[EXERCISE OBJECTIVE]: Would you restate each line of the data below word for word, without its pictures?
[[ PROVIDED DATA open ]]
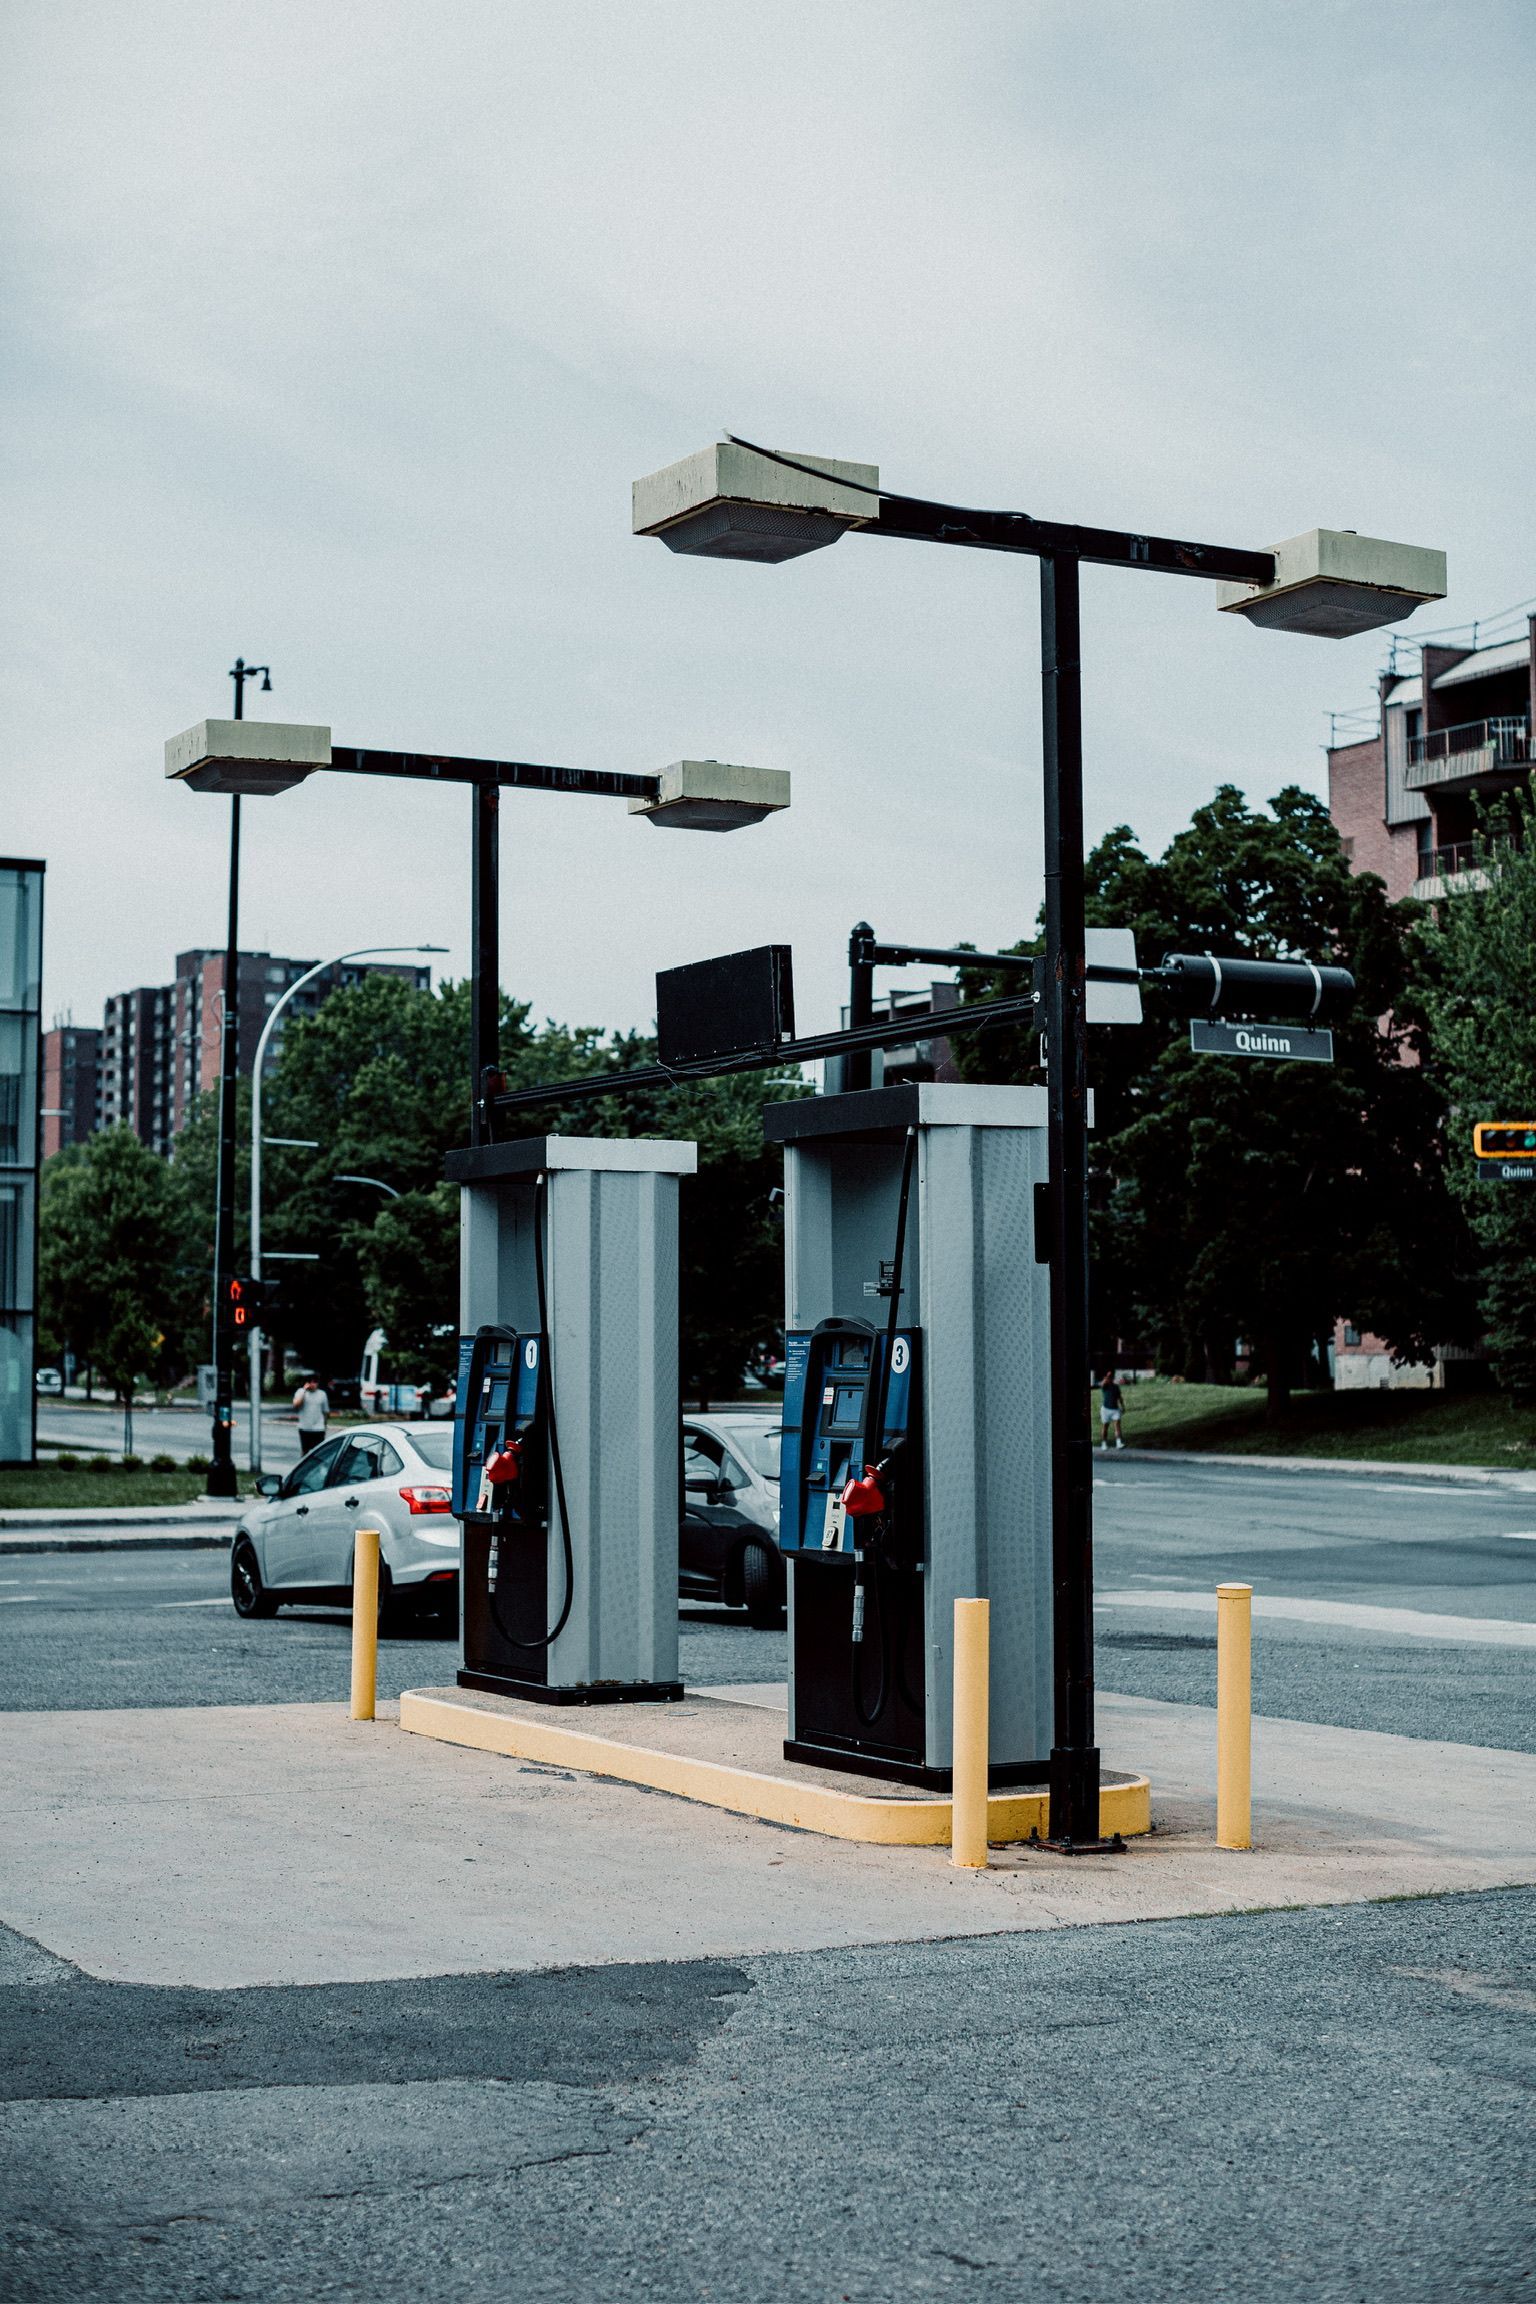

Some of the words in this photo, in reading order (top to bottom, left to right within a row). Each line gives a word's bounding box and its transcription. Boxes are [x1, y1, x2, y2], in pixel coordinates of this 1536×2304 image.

[1235, 1031, 1291, 1053] Quinn
[1502, 1165, 1533, 1179] Quinn
[529, 1346, 534, 1363] 1
[895, 1345, 904, 1366] 3
[[ PROVIDED DATA closed ]]
[REPLY]:
Some of the words in this photo, in reading order (top to bottom, left to right within a row). Each line gives a word's bounding box and its transcription. Boxes are [x1, y1, x2, y2], in pixel coordinates of this 1536×2304 image.

[1235, 1031, 1291, 1053] Quinn
[1502, 1165, 1533, 1179] Quinn
[529, 1346, 534, 1363] 1
[895, 1345, 904, 1366] 3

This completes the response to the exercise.